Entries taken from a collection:
□ □ □ □ □ □ □

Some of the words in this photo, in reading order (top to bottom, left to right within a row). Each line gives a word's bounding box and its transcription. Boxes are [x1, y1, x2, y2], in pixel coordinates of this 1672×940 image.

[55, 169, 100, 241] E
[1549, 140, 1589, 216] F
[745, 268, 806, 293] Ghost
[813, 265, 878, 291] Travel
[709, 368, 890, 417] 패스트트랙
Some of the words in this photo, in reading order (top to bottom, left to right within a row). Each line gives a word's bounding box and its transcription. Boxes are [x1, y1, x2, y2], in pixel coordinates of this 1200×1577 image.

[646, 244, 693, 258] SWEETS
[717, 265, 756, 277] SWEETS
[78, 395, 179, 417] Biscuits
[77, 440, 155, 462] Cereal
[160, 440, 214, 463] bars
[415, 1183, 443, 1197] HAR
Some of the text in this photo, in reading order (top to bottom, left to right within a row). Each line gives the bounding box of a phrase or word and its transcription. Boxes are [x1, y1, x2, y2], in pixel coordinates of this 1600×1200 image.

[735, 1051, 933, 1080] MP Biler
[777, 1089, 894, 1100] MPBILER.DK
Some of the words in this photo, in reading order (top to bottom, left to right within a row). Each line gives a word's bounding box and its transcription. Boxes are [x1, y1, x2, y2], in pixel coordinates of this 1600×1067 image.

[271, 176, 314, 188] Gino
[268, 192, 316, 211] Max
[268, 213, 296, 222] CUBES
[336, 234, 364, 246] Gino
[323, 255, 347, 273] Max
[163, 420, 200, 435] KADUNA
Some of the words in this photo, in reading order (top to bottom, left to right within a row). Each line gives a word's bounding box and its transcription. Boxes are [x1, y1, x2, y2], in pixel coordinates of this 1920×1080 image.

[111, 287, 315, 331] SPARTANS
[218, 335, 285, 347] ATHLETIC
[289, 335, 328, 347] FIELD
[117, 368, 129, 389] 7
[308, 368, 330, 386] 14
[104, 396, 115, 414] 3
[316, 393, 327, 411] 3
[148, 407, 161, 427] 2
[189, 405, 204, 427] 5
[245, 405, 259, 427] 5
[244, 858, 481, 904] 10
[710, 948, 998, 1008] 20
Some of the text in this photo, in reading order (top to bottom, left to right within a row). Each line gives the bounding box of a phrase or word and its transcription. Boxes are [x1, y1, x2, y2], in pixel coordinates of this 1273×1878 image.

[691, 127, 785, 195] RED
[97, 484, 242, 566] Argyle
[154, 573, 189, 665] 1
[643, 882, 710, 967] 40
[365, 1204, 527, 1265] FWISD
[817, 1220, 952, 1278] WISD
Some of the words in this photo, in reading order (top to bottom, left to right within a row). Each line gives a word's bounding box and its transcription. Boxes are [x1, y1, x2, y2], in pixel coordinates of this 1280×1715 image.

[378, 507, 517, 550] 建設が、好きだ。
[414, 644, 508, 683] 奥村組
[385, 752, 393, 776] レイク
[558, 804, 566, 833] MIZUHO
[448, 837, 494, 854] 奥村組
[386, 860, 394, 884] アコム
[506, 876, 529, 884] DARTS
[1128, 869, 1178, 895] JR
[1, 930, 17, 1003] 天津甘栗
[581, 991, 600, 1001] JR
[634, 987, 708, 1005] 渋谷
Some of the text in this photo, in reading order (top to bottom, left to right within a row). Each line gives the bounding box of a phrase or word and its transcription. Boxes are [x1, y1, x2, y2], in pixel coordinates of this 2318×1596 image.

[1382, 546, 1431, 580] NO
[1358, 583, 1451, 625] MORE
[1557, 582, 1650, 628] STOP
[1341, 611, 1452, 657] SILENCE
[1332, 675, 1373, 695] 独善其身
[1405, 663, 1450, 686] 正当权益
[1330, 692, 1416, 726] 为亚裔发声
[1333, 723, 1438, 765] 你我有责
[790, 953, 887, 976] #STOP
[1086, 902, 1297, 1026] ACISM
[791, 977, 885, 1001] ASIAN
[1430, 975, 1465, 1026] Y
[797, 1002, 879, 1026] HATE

□ □ □ □ □ □ □

> TRY IT
Each line above must be returned exactly as written.

> PROBLEM SOLUTION
Some of the words in this photo, in reading order (top to bottom, left to right within a row). Each line gives a word's bounding box and its transcription. Boxes are [x1, y1, x2, y2], in pixel coordinates of this 1672×940 image.

[55, 169, 100, 241] E
[1549, 140, 1589, 216] F
[745, 268, 806, 293] Ghost
[813, 265, 878, 291] Travel
[709, 368, 890, 417] 패스트트랙
Some of the words in this photo, in reading order (top to bottom, left to right within a row). Each line gives a word's bounding box and its transcription. Boxes are [x1, y1, x2, y2], in pixel coordinates of this 1200×1577 image.

[646, 244, 693, 258] SWEETS
[717, 265, 756, 277] SWEETS
[78, 395, 179, 417] Biscuits
[77, 440, 155, 462] Cereal
[160, 440, 214, 463] bars
[415, 1183, 443, 1197] HAR
Some of the text in this photo, in reading order (top to bottom, left to right within a row). Each line gives the bounding box of a phrase or word and its transcription. Boxes are [x1, y1, x2, y2], in pixel coordinates of this 1600×1200 image.

[735, 1051, 933, 1080] MP Biler
[777, 1089, 894, 1100] MPBILER.DK
Some of the words in this photo, in reading order (top to bottom, left to right within a row). Each line gives a word's bounding box and its transcription. Boxes are [x1, y1, x2, y2], in pixel coordinates of this 1600×1067 image.

[271, 176, 314, 188] Gino
[268, 192, 316, 211] Max
[268, 213, 296, 222] CUBES
[336, 234, 364, 246] Gino
[323, 255, 347, 273] Max
[163, 420, 200, 435] KADUNA
Some of the words in this photo, in reading order (top to bottom, left to right within a row). Each line gives a word's bounding box and its transcription. Boxes are [x1, y1, x2, y2], in pixel coordinates of this 1920×1080 image.

[111, 287, 315, 331] SPARTANS
[218, 335, 285, 347] ATHLETIC
[289, 335, 328, 347] FIELD
[117, 368, 129, 389] 7
[308, 368, 330, 386] 14
[104, 396, 115, 414] 3
[316, 393, 327, 411] 3
[148, 407, 161, 427] 2
[189, 405, 204, 427] 5
[245, 405, 259, 427] 5
[244, 858, 481, 904] 10
[710, 948, 998, 1008] 20
Some of the text in this photo, in reading order (top to bottom, left to right within a row). Each line gives the bounding box of a phrase or word and its transcription. Boxes are [x1, y1, x2, y2], in pixel coordinates of this 1273×1878 image.

[691, 127, 785, 195] RED
[97, 484, 242, 566] Argyle
[154, 573, 189, 665] 1
[643, 882, 710, 967] 40
[365, 1204, 527, 1265] FWISD
[817, 1220, 952, 1278] WISD
Some of the words in this photo, in reading order (top to bottom, left to right within a row). Each line gives a word's bounding box and its transcription. Boxes are [x1, y1, x2, y2], in pixel coordinates of this 1280×1715 image.

[378, 507, 517, 550] 建設が、好きだ。
[414, 644, 508, 683] 奥村組
[385, 752, 393, 776] レイク
[558, 804, 566, 833] MIZUHO
[448, 837, 494, 854] 奥村組
[386, 860, 394, 884] アコム
[506, 876, 529, 884] DARTS
[1128, 869, 1178, 895] JR
[1, 930, 17, 1003] 天津甘栗
[581, 991, 600, 1001] JR
[634, 987, 708, 1005] 渋谷
Some of the text in this photo, in reading order (top to bottom, left to right within a row). Each line gives the bounding box of a phrase or word and its transcription. Boxes are [x1, y1, x2, y2], in pixel coordinates of this 2318×1596 image.

[1382, 546, 1431, 580] NO
[1358, 583, 1451, 625] MORE
[1557, 582, 1650, 628] STOP
[1341, 611, 1452, 657] SILENCE
[1332, 675, 1373, 695] 独善其身
[1405, 663, 1450, 686] 正当权益
[1330, 692, 1416, 726] 为亚裔发声
[1333, 723, 1438, 765] 你我有责
[790, 953, 887, 976] #STOP
[1086, 902, 1297, 1026] ACISM
[791, 977, 885, 1001] ASIAN
[1430, 975, 1465, 1026] Y
[797, 1002, 879, 1026] HATE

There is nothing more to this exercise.